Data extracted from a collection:

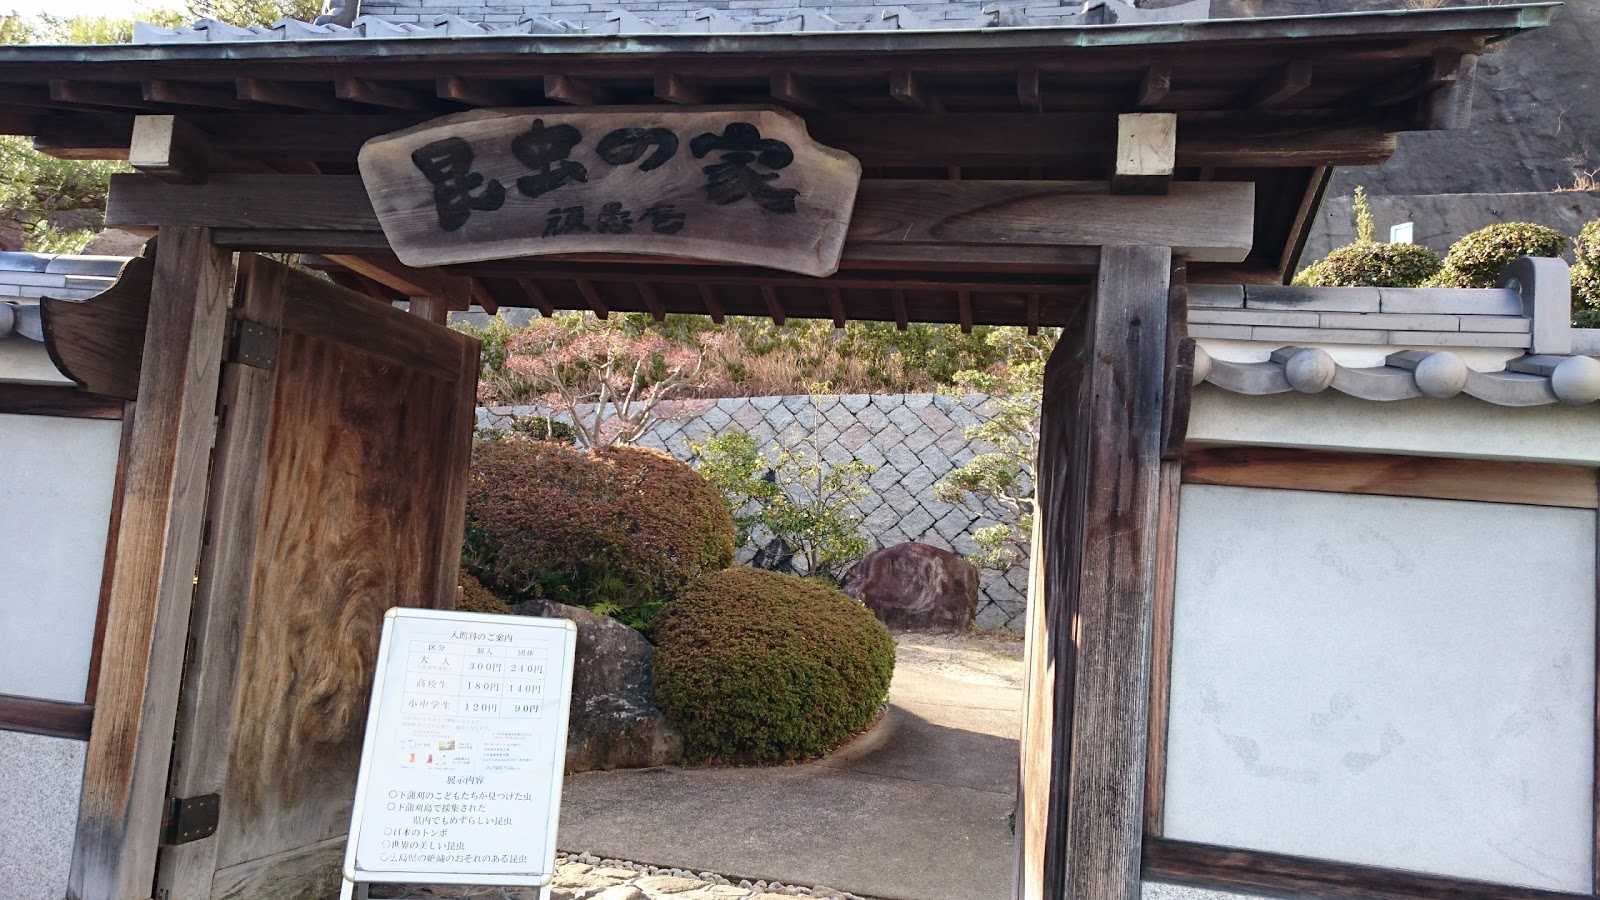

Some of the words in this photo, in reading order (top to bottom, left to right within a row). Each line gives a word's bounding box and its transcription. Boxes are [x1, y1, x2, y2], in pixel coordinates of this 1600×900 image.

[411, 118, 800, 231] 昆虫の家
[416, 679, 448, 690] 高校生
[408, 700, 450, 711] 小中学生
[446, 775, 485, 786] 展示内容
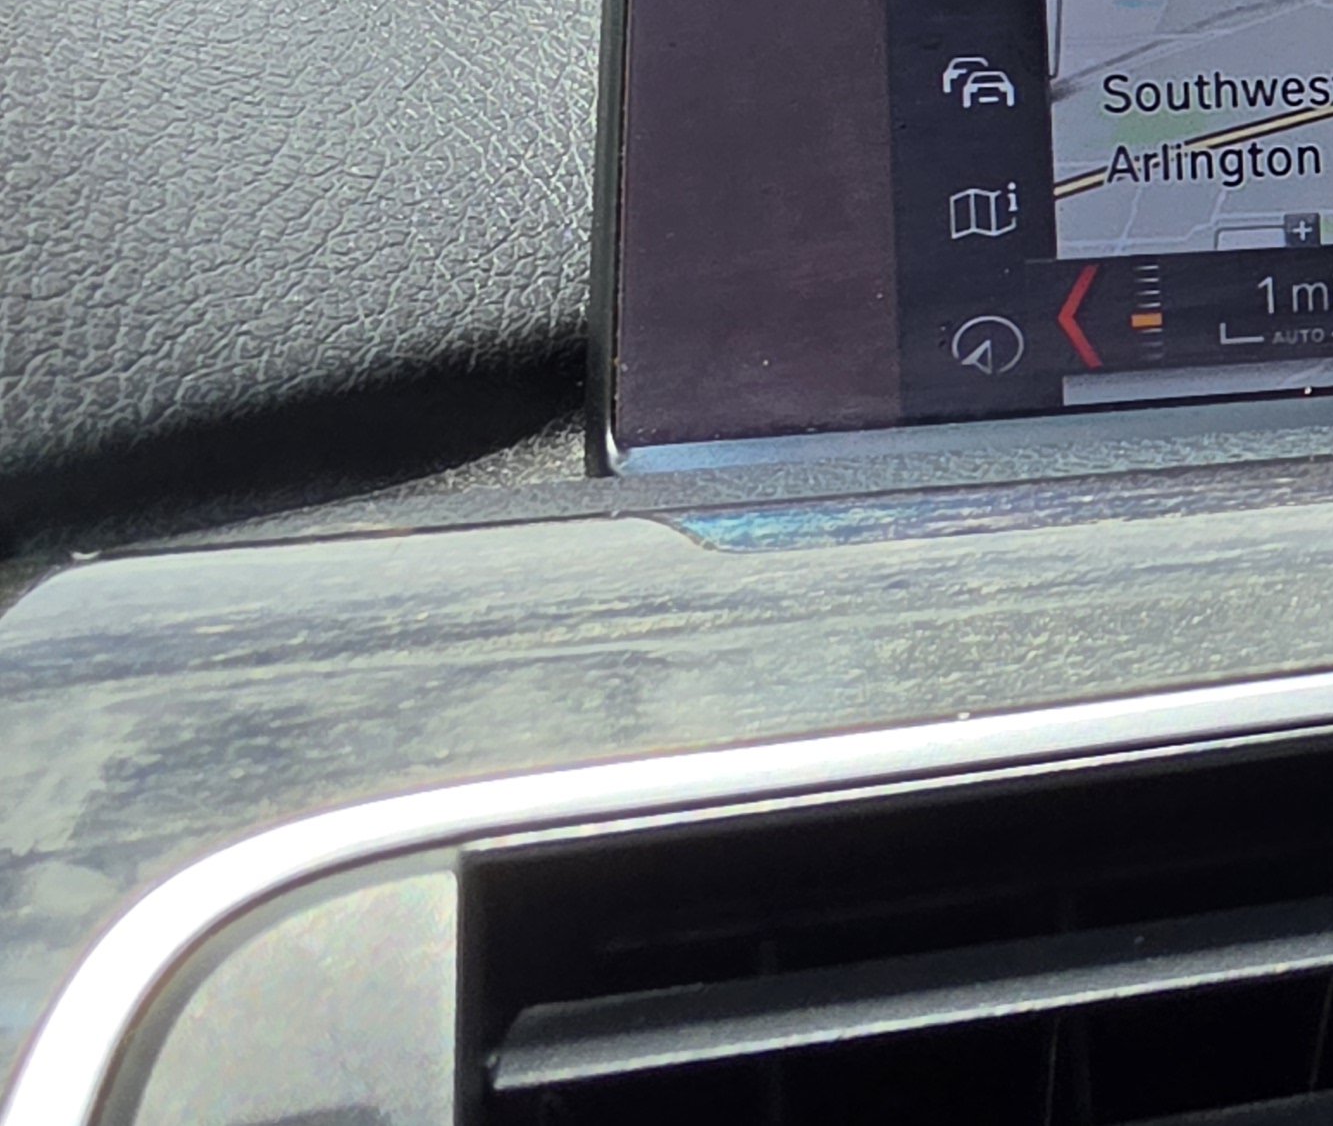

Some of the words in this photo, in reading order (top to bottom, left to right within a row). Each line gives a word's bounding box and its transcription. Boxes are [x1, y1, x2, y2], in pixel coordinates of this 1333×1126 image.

(Problem to work on):
Each line above gets copied exactly; leave the pictures out.

(Task result):
Some of the words in this photo, in reading order (top to bottom, left to right within a row). Each line gives a word's bounding box and its transcription. Boxes are [x1, y1, x2, y2], in pixel coordinates of this 1600×900 image.

[411, 118, 800, 231] 昆虫の家
[416, 679, 448, 690] 高校生
[408, 700, 450, 711] 小中学生
[446, 775, 485, 786] 展示内容

Some of the words in this photo, in reading order (top to bottom, left to right within a row). Each line gives a word's bounding box and its transcription. Boxes are [x1, y1, x2, y2], in pixel coordinates of this 1333×1126 image.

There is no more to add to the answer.